++++ Provided information ++++

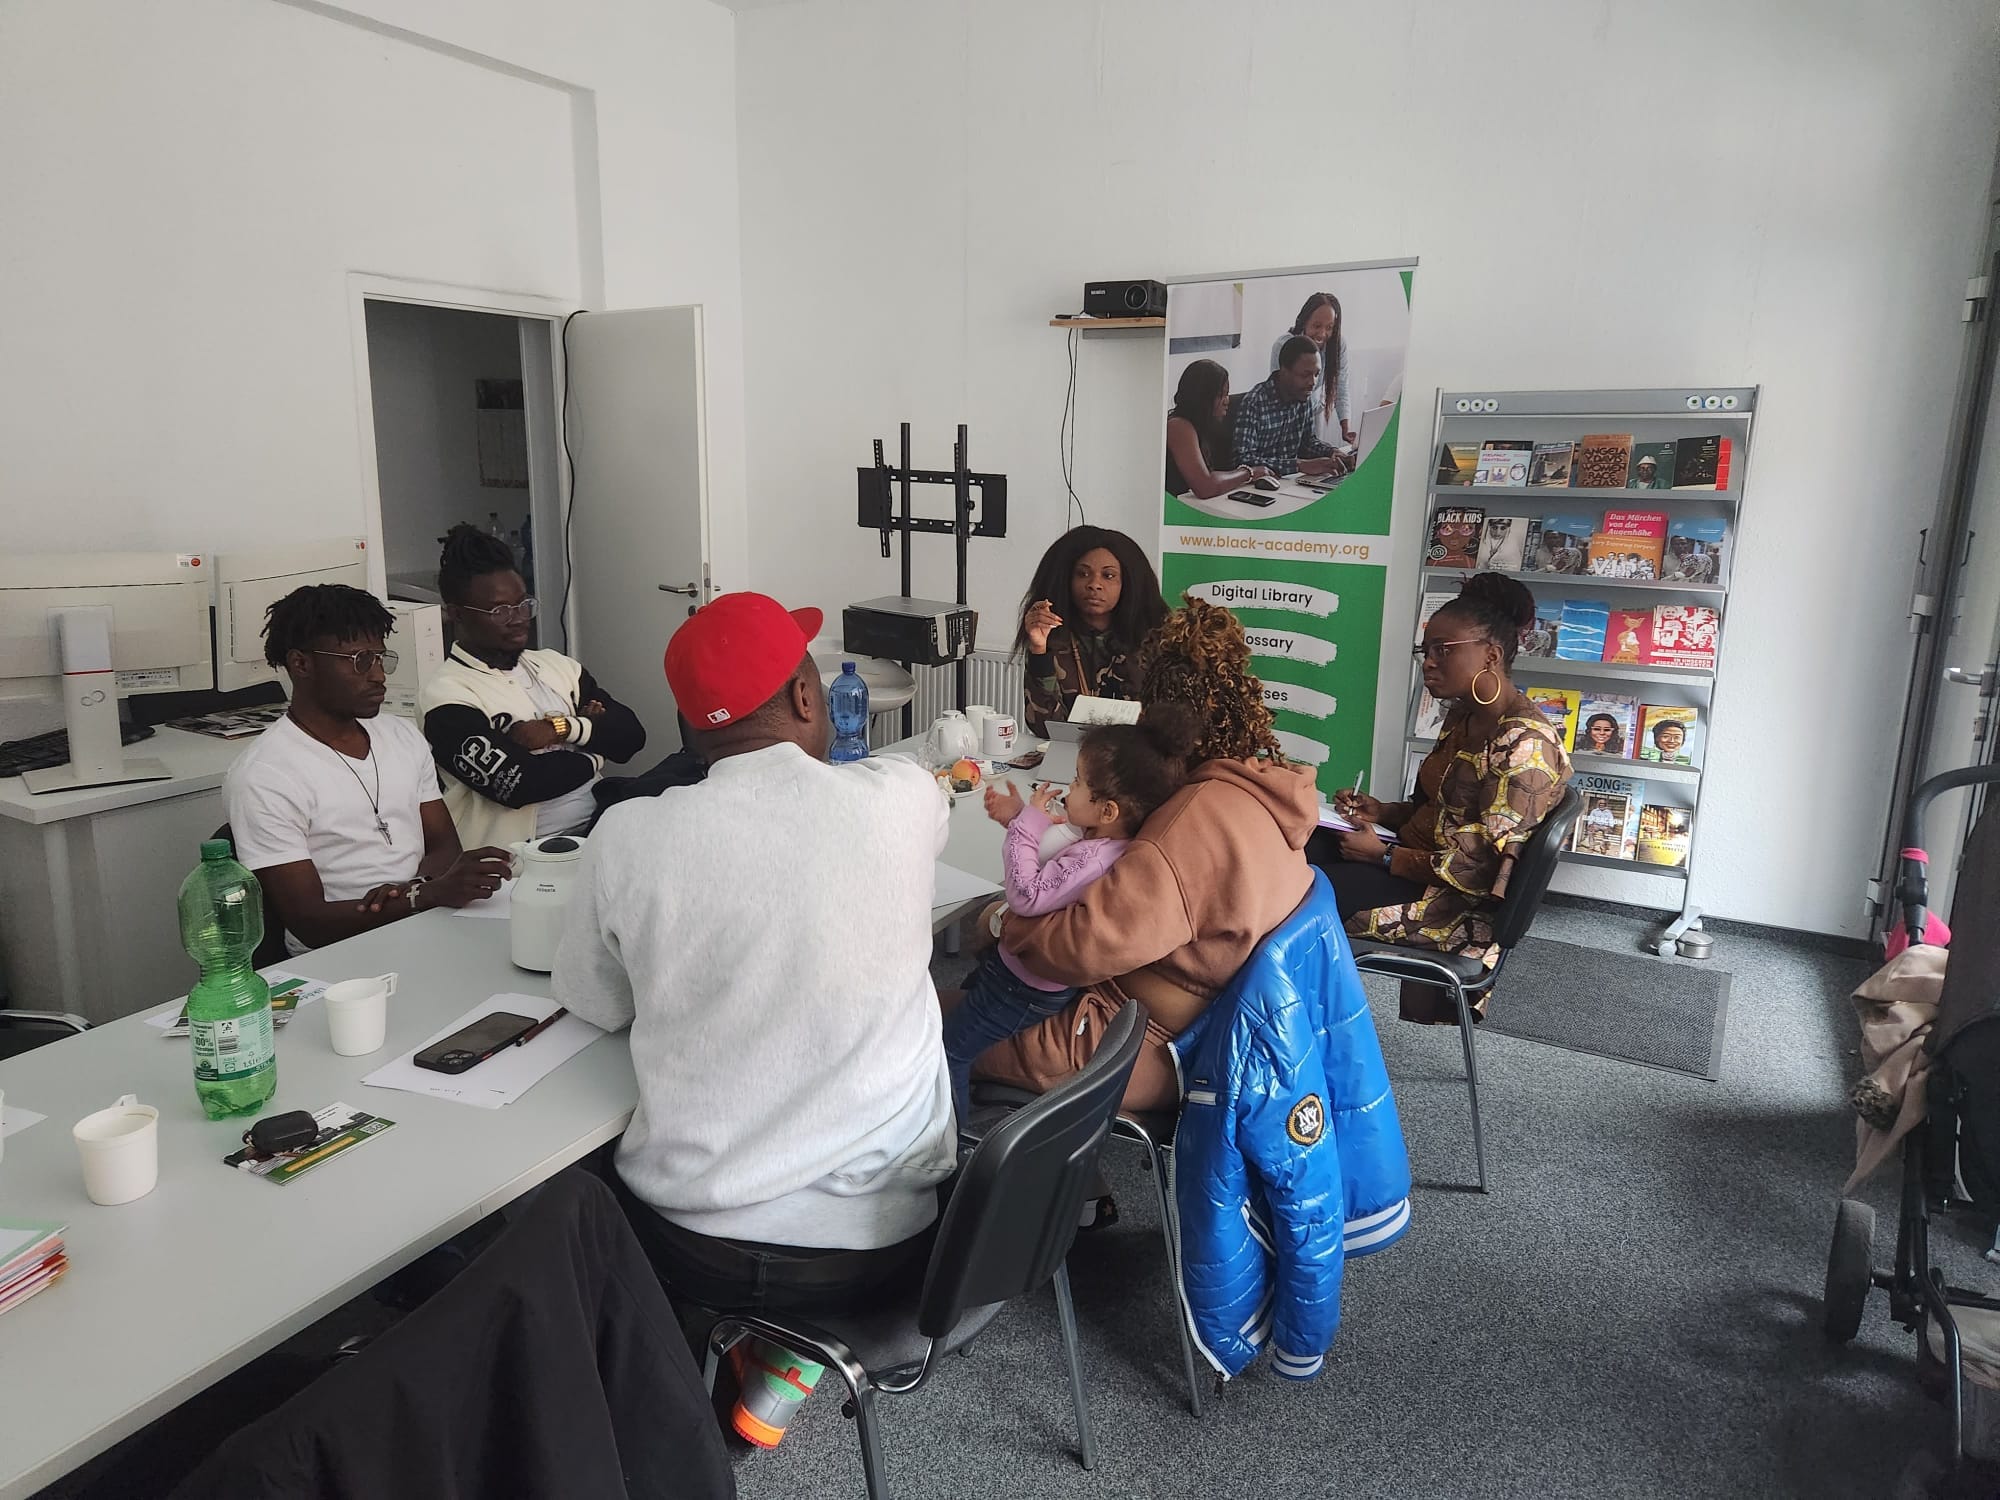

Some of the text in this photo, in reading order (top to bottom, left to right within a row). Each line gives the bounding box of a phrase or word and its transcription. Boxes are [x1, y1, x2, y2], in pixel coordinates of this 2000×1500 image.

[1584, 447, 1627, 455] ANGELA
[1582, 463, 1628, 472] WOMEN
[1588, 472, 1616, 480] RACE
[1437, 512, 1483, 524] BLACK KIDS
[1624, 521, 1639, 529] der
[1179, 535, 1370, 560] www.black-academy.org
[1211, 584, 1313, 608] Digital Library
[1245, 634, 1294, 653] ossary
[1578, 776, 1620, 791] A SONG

++++

> Requirement: Give the records a second time exactly, keeping the images out.

> Answer box:
Some of the text in this photo, in reading order (top to bottom, left to right within a row). Each line gives the bounding box of a phrase or word and its transcription. Boxes are [x1, y1, x2, y2], in pixel coordinates of this 2000×1500 image.

[1584, 447, 1627, 455] ANGELA
[1582, 463, 1628, 472] WOMEN
[1588, 472, 1616, 480] RACE
[1437, 512, 1483, 524] BLACK KIDS
[1624, 521, 1639, 529] der
[1179, 535, 1370, 560] www.black-academy.org
[1211, 584, 1313, 608] Digital Library
[1245, 634, 1294, 653] ossary
[1578, 776, 1620, 791] A SONG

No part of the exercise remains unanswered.